■ **REQUIRED WORK**:
When a record contains an image, skip the image and retype the rest of that record exactly.

(Beginning of PROVIDED DATA)

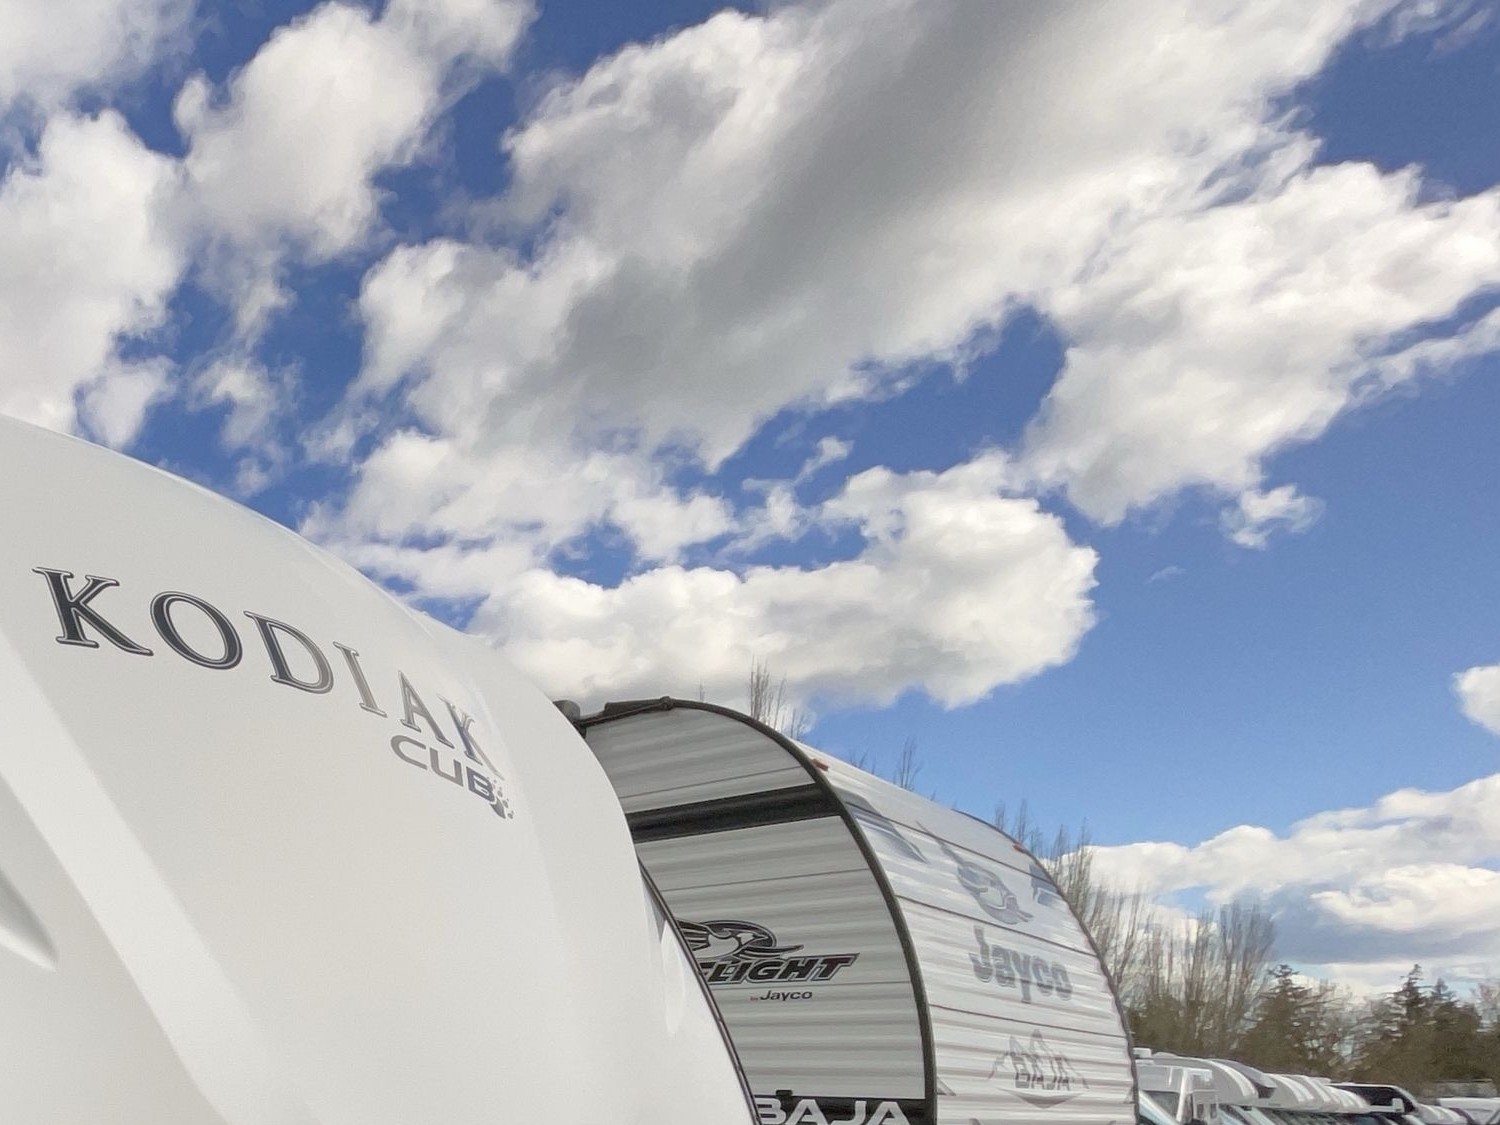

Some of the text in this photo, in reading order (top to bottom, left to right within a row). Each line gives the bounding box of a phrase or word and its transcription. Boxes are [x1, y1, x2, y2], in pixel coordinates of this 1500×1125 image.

[32, 566, 505, 781] KODIAK
[390, 734, 496, 803] CUB
[760, 989, 813, 1001] Jayco
[968, 924, 1074, 1005] Jayco

(End of PROVIDED DATA)

■ **PROBLEM SOLUTION**:
Some of the text in this photo, in reading order (top to bottom, left to right within a row). Each line gives the bounding box of a phrase or word and its transcription. Boxes are [x1, y1, x2, y2], in pixel coordinates of this 1500×1125 image.

[32, 566, 505, 781] KODIAK
[390, 734, 496, 803] CUB
[760, 989, 813, 1001] Jayco
[968, 924, 1074, 1005] Jayco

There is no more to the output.